Continuous data protection has emerged as a form of data protection for federal government agencies that picks up where legacy backup approaches leave off.
For decades, the standard of care in protecting federal data has been to run full scheduled backups complemented with incremental backups. Administrators have long made a practice of executing full backups of all data after hours or on weekends, sometimes even taking systems offline to back them up. Then, during normal agency hours, they complemented the full backups with incremental backups consisting of only the data that had changed.
That practice has evolved toward continuous data protection, an approach better suited to the constraints of time, storage capacity, and network bandwidth that most federal agencies face.
What is continuous data protection and how does it work?
In simple terms, Continuous Data Protection (CDP) backs up any data that has changed and maintains a log of those changes to allow admins to restore systems to a previous point in time. Overall, the term suggests that software and hardware are continuously backing up data as it is created or modified. However, it is more nuanced than that.
Continuous data protection relies on a full backup, but with an important variation: the incremental forever. After the initial full backup, instead of scheduling the incremental backups at given times on given days, administrators schedule incremental forever backups every day or throughout the day. The time interval is not so much the focus as the fact that data protection is always in process.
The incremental forever is effective only if it does not get in the way of other running processes and does not needlessly saturate the network. It depends on techniques that can quickly figure out which files have changed since the last incremental, or in the case of block-based backup, identify the changed blocks of data and back up only those blocks.

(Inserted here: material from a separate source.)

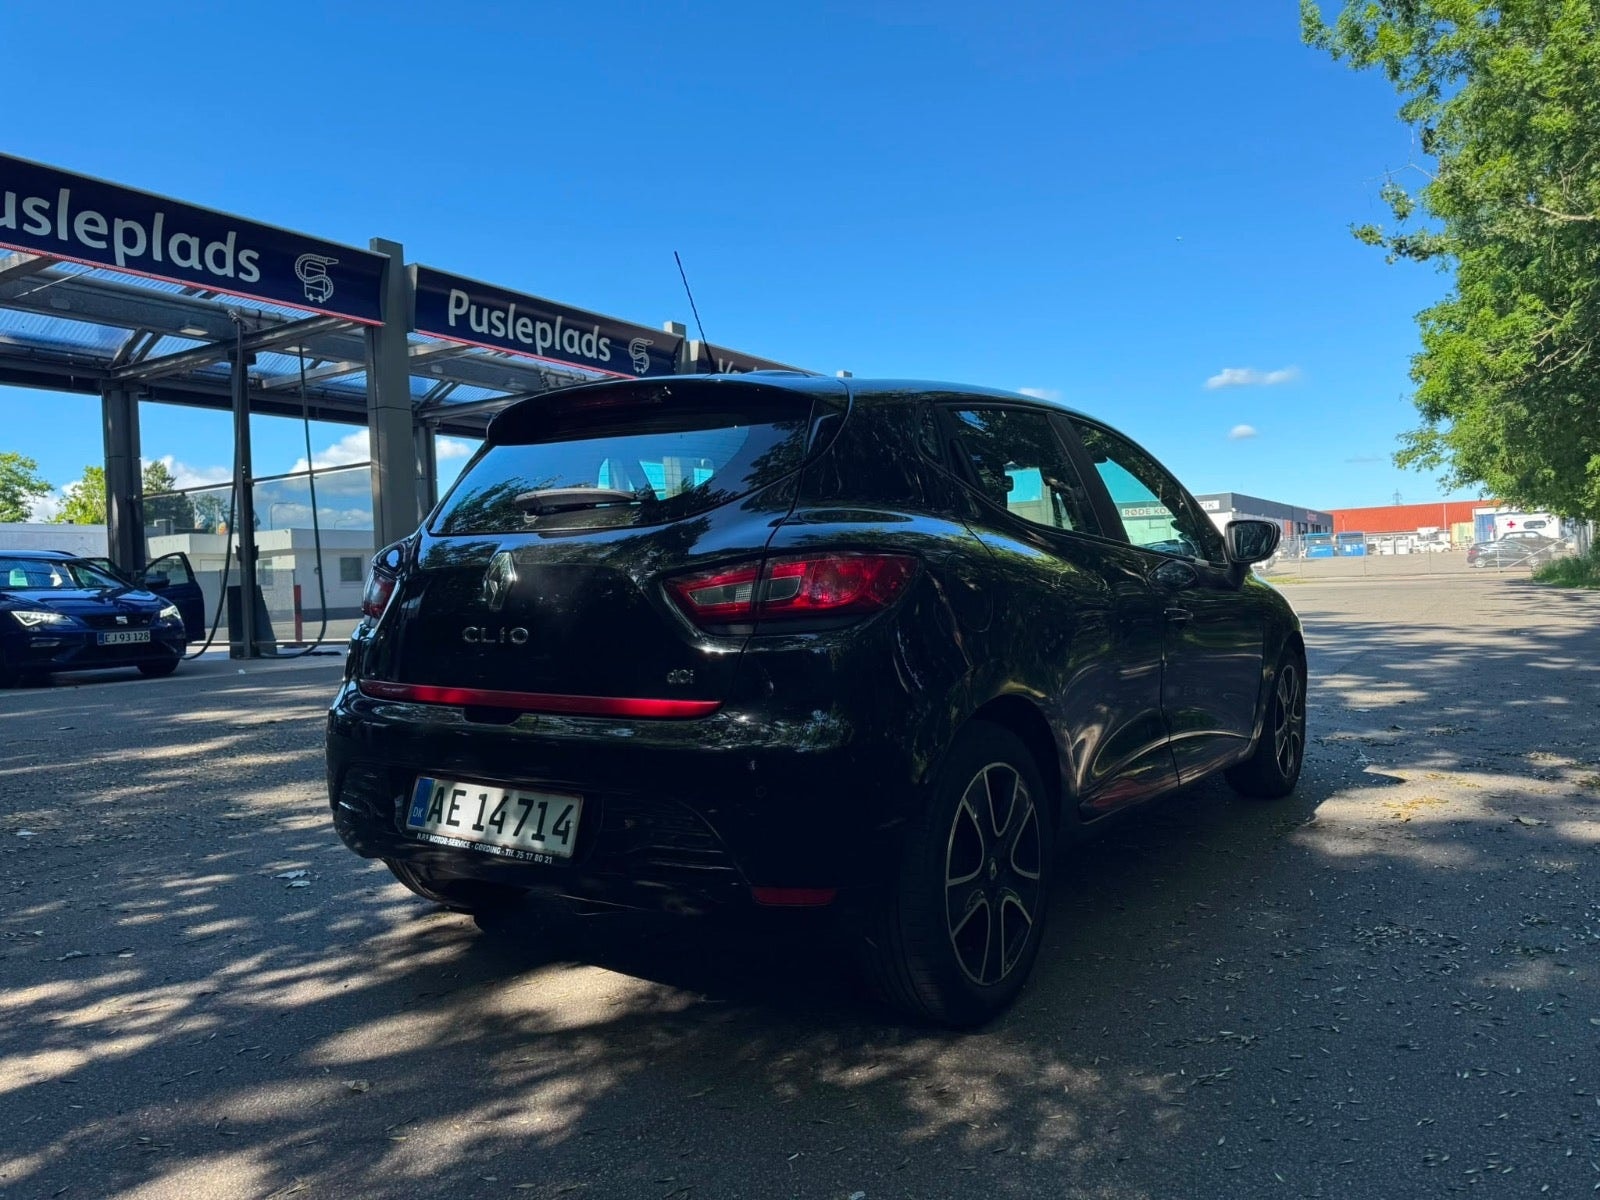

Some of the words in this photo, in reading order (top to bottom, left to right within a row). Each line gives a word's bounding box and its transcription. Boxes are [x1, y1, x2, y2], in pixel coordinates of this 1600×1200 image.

That technology keeps the incremental backups small, the network traffic low and the backup time short.
Continuous data protection comes to prominence
The push toward continuous data protection is closely tied to several factors in IT.
The first is the rapid increase in the amount of data that federal agencies must transact, generate and safeguard. The legacy approach to full and incremental backups may still suffice if your agency has up to a few dozen terabytes of data. But organizations with petabytes or even hundreds of terabytes cannot back up that much data in a reasonable time frame.

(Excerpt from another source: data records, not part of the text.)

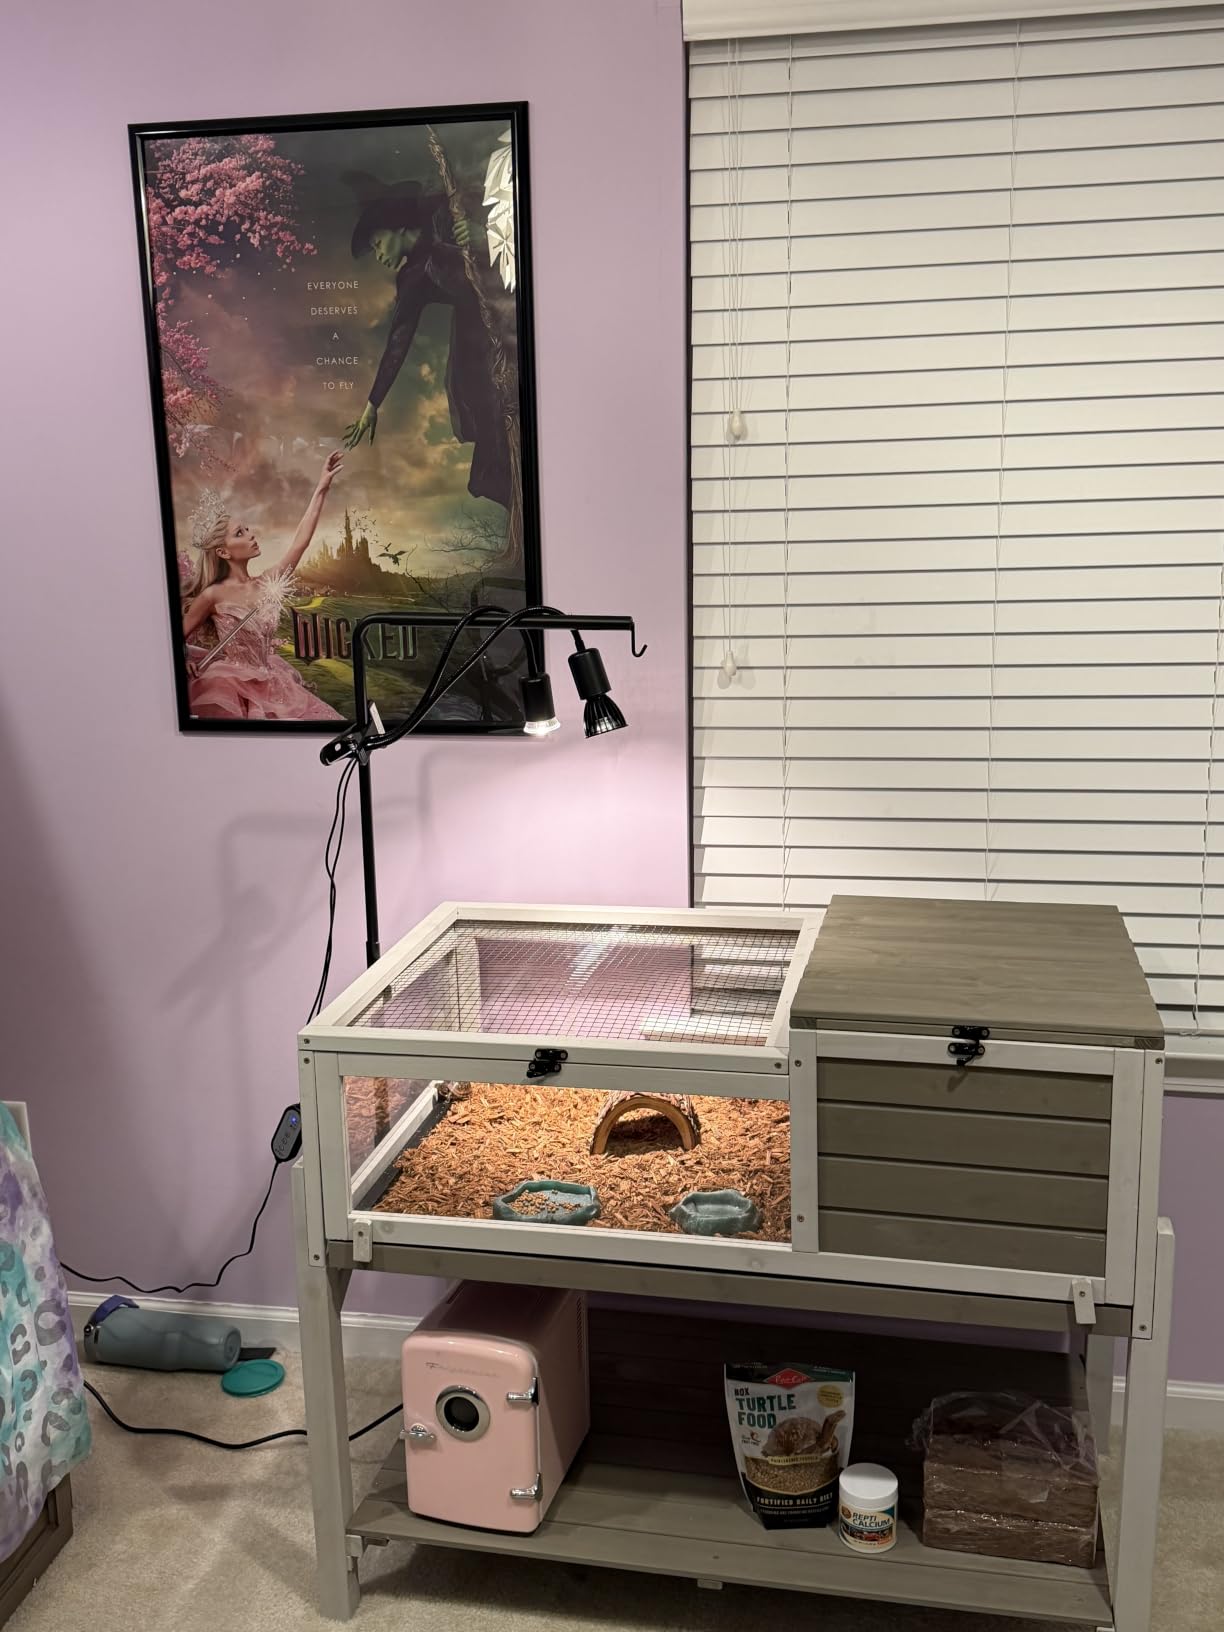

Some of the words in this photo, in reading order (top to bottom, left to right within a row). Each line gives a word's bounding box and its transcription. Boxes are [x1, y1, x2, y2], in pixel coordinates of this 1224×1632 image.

[307, 280, 359, 290] EVERYONE
[310, 305, 358, 316] DESERVES
[332, 332, 340, 341] A
[316, 356, 359, 366] CHANCE
[323, 381, 335, 390] TO
[339, 381, 354, 390] FLY
[734, 1387, 750, 1397] BOX
[735, 1393, 797, 1413] TURTLE
[737, 1411, 777, 1430] FOOD
[852, 1512, 877, 1522] REPTI
[852, 1518, 890, 1528] CALCIUM

Next, network bandwidth plays a role. Even if the window of available time sufficed to back up that much data, you would still have to move the data over the network. Far better to perform the full backup, and then send just the changes so that you don’t saturate your network and systems input/output (I/O) with backup I/O.
Then, if you’re pushing your backups to the cloud, you’ll want to keep your costs as low as possible, and protecting data continuously can help reduce your storage requirements.
Finally, ransomware has become a factor. When ransomware hits, you want to lose as little data as possible, and continuous data protection shortens the window of potential data loss. You want to return to normal operations quickly, which is why most products in the category include tools for getting your environment up and running. Restoring data is centered on the recovery point objective (RPO) and recovery time objective (RTO), both of which are reduced when you aim for continuous data protection.
The synthetic full — Mitigate the risk of data loss
Of course, the goal of data protection is to mitigate the risk of data loss due to factors like human mistakes, illegitimate deletion, malicious insiders and natural disasters. But even data backup strategies introduce the risk of data loss.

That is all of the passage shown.